Nearly all soils found in gold prospecting areas contain “hot rocks”. A hot rock is a rock which does not contain gold, but which causes the metal detector to sound off. They come in two basic types.
Negative hot rocks (also called “cold rocks”) are usually magnetite or contain magnetite. They give a negative response because their ground balance value is a higher number than the soil they are found in. They tend to be dark in color, and are often heavy because of their iron content. In some cases they will have rust stains. They are usually attracted to a magnet, and for this reason gold prospectors always carry a magnet—the ultimate ferrous/nonferrous discriminator. In motion all metals mode, negative hot rocks produce a boing sound rather than the zip sound of a metallic target such as gold. Another difference is that as you sweep back and forth over a sound to check it, a zip sound will seem to stay in the same place whereas a boing sound will seem to be in two different places and to wander around. Learn these differences and you will be able to ignore negative hot rocks.
Positive hot rocks are usually iron-bearing rocks which have been oxidized by natural weathering processes, such that their ground balance number is a number lower than the soil they are found in. They are often small, right on the surface, and sound just like a gold nugget. They are common in many gold prospecting areas. They are usually, but not always, drawn to a magnet. They are most often reddish in color but are often black, brown or even yellow.
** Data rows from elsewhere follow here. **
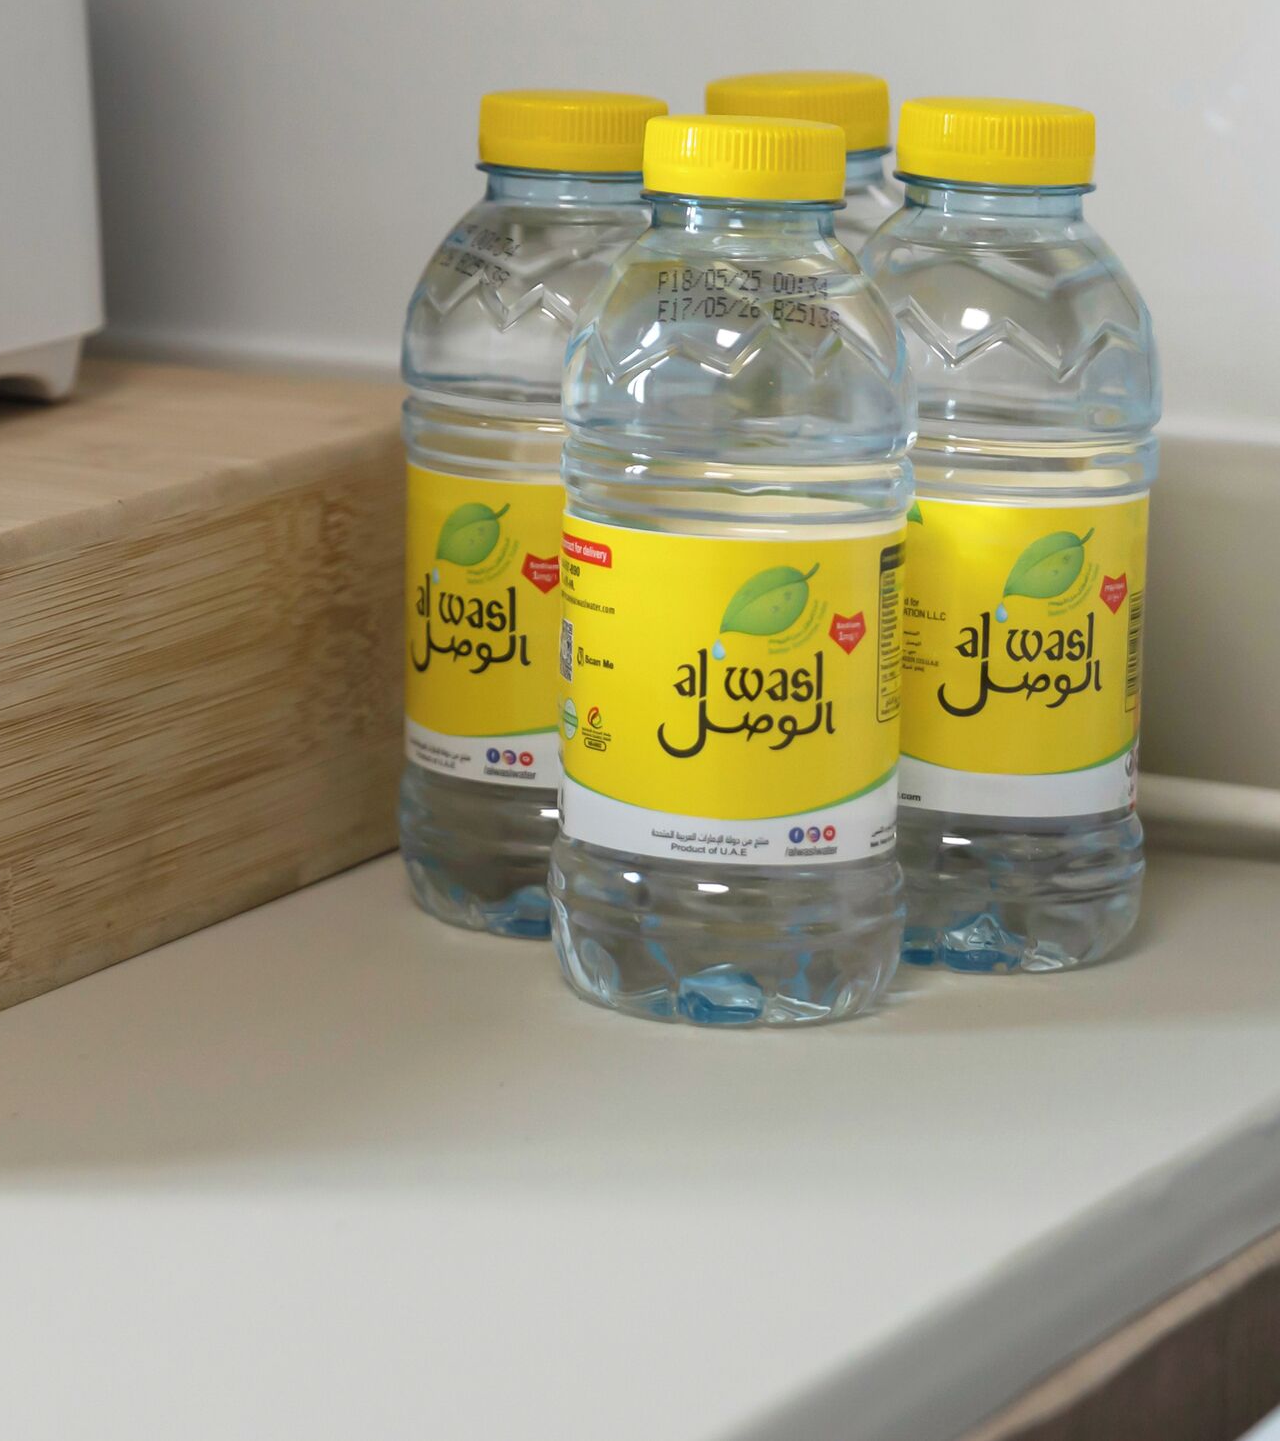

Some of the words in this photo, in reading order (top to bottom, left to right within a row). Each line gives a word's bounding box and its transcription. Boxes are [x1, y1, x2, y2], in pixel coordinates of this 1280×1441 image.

[657, 269, 762, 294] P18/05/25
[657, 297, 761, 322] E17/05/26
[583, 545, 607, 563] delivery
[416, 573, 431, 618] al
[438, 587, 516, 633] wasl
[411, 620, 532, 674] الوصل
[584, 654, 601, 667] Scan
[603, 659, 615, 670] Me
[954, 612, 991, 659] al
[1006, 612, 1095, 663] wasl
[673, 648, 708, 699] al
[724, 651, 824, 703] wasl
[937, 660, 1103, 717] الوصل
[657, 699, 836, 759] الوصل
[671, 842, 706, 854] Product
[708, 846, 718, 855] of
[720, 847, 748, 857] U.A.E
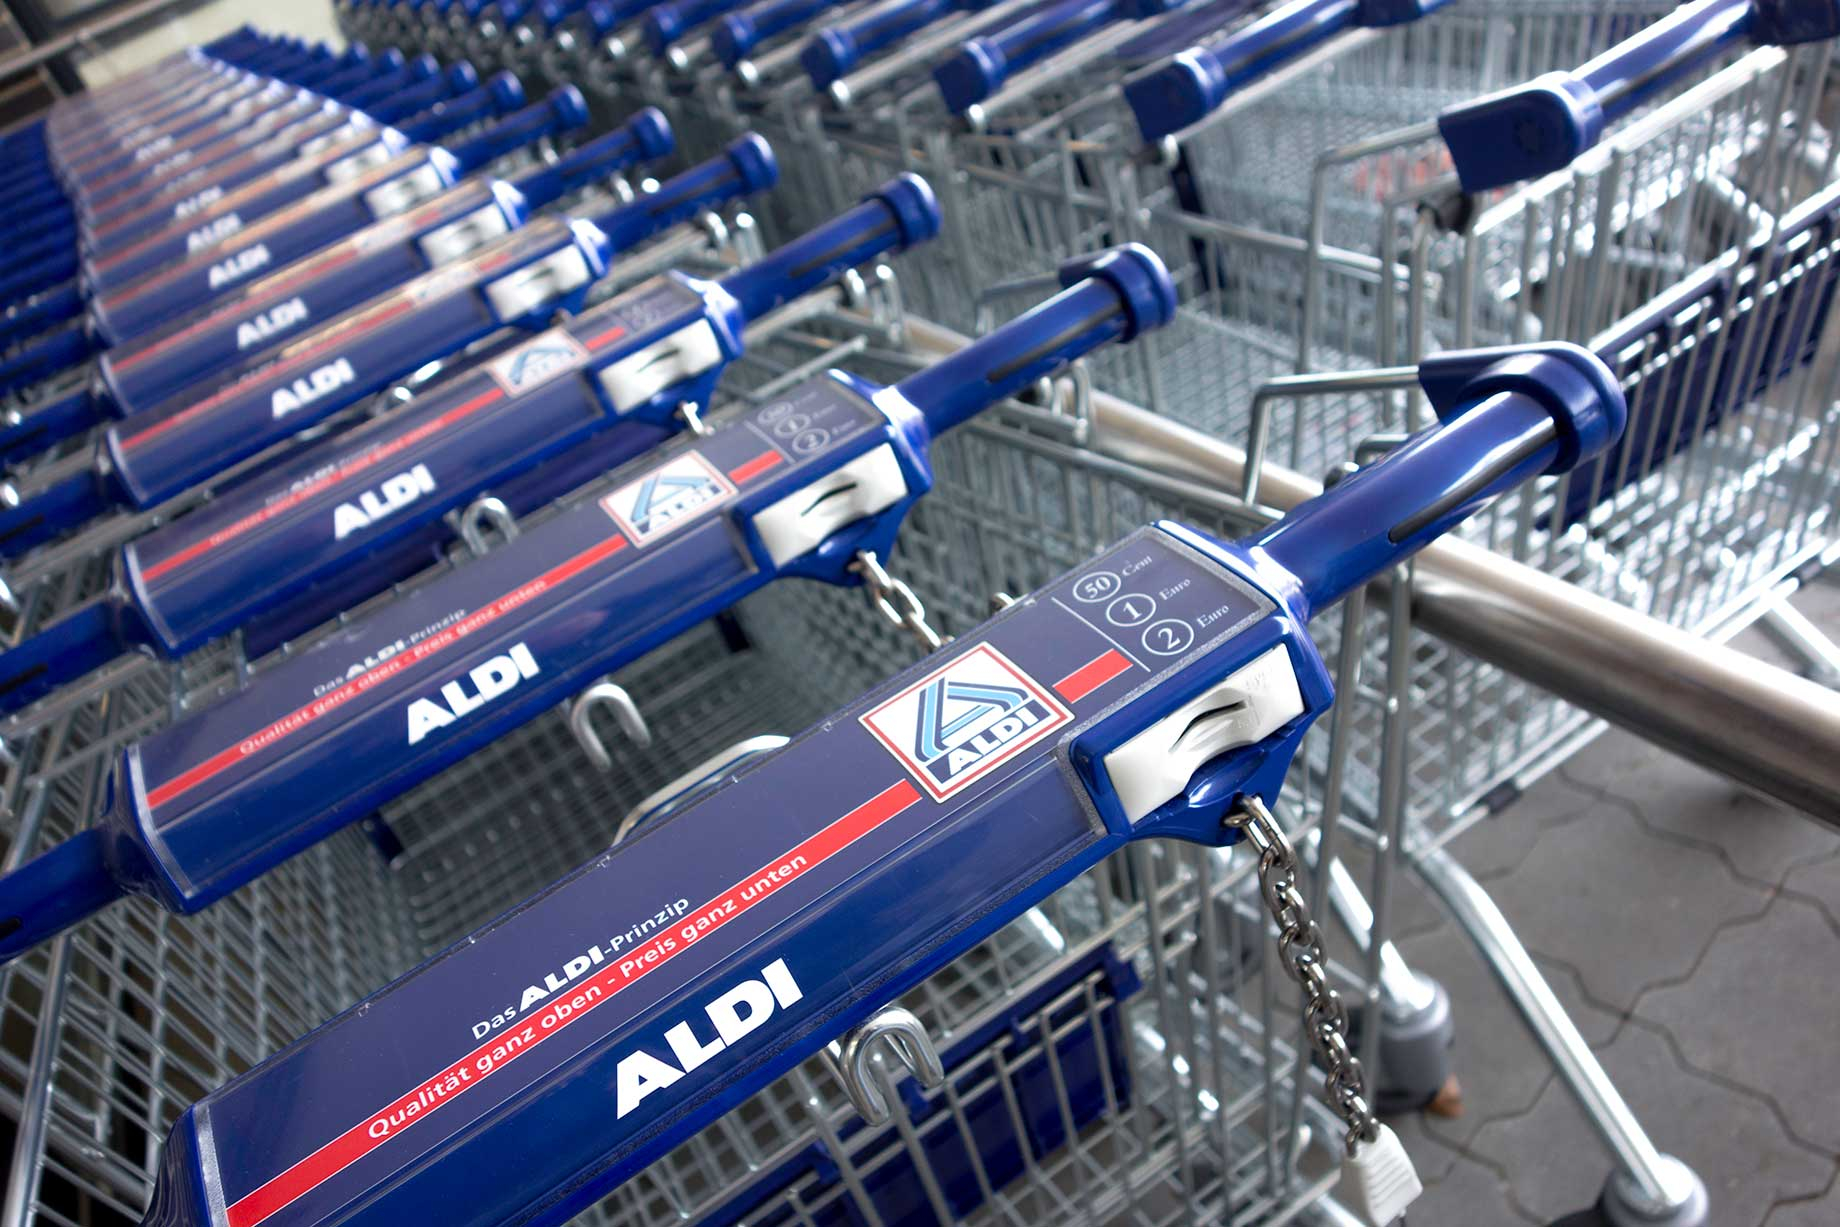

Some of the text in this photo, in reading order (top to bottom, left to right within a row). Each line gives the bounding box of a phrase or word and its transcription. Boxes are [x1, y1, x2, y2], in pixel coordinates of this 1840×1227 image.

[209, 244, 270, 288] ALDI
[237, 297, 308, 348] ALDI
[272, 357, 355, 419] ALDI
[333, 463, 436, 541] ALDI
[1084, 576, 1111, 599] 50
[1159, 577, 1192, 600] Euro
[1158, 604, 1230, 650] 2 Euro
[407, 642, 540, 745] ALDI
[945, 701, 1041, 776] ALDI
[368, 1067, 472, 1138] Qualität
[476, 1027, 536, 1074] ganz
[541, 985, 602, 1029] oben
[619, 936, 677, 978] Preis
[680, 899, 738, 943] ganz
[740, 855, 808, 901] unten
[472, 1006, 517, 1040] Das
[616, 958, 804, 1120] ALDI
A special category of positive hot rock is electrically conductive rocks. In gold prospecting situations the most common electrically conductive hot rocks are sulfide ore (peacock ore, pyrrhotite, etc.) crystals. These can sound just like a gold nugget, but in many geological settings the gold is not found in the same type of rock as the sulfide ores. Therefore the sulfide ore signals can be ignored once the host rock can be identified. A few geological settings include graphite or graphitic slate rock which tends to give a very broad signal which does not sound like gold and which cannot be ground balanced out. If the rock sounds like metal, is black in color, and you can write on paper with the rock as you would with a pencil, you’ve got graphitic rock. In order to use a metal detector where there’s graphitic rock you’ll probably have to reduce the sensitivity setting of the metal detector.
If you’re searching in a desert area, learn to recognize meteorites. All are valuable, and some are worth more than their weight in gold. There are many different kinds of meteorites, but most commonly they will look like a lump of magnetite. However unlike magnetite, meteorite response on a VLF metal detector will almost always be positive. A good rule of thumb is that if you encounter a positive hot rock that is black or dark gray in color except perhaps for rust stains, and it doesn’t look like other positive hot rocks you find on that site, save it. Remember where you found it, and attempt to identify it later.
The subject of how to identify the various types of meteorites is too complex to go into here. (This book is about gold, not about meteorites.) Nowadays there’s lots of information on the Internet, and recently several books have been published on the subject. Often it takes a meteorite expert to be able to say whether a particular rock is terrestrial or is a meteorite. In the USA, most of that expertise is found in Arizona where there is a lot of metal detecting in the desert, several meteorite strewn fields, and a long regional history of interest in astronomy and astrophysics within the University system. (Note: a “strewn field” is a zone of meteorite debris caused by the explosion of a large meteor high in the atmosphere.)
The iron and nickel metal in meteorites is usually what makes them detectable with a metal detector. Searching for meteorites with a VLF gold machine is pretty much like gold prospecting, except that hot rocks become a whole lot more interesting. The disadvantage of standard PI (pulse induction) gold machines for meteorite hunting is that when they’re ground balanced, their response to the iron and nickel metal and iron minerals typically found in meteorites is greatly subdued.
Use A Magnet
• Iron metal is always strongly attracted to a magnet. Steel (iron alloys) are almost always strongly attracted to a magnet.
• Magnetite hot rocks and black sand are always strongly attracted to a magnet.
• Other negative hot rocks are almost always attracted to a magnet, but not as strongly as magnetite.
• Positive hot rocks are usually attracted to a magnet, but the attraction is often weak.
• Meteorites detected by a metal detector are usually attracted to a magnet. The attraction may be strong or weak.
• Gold and other nonferrous metals are never attracted to a magnet.
Always carry a strong magnet with you when prospecting. Many prospectors use a pick that has a magnet either built in or attached.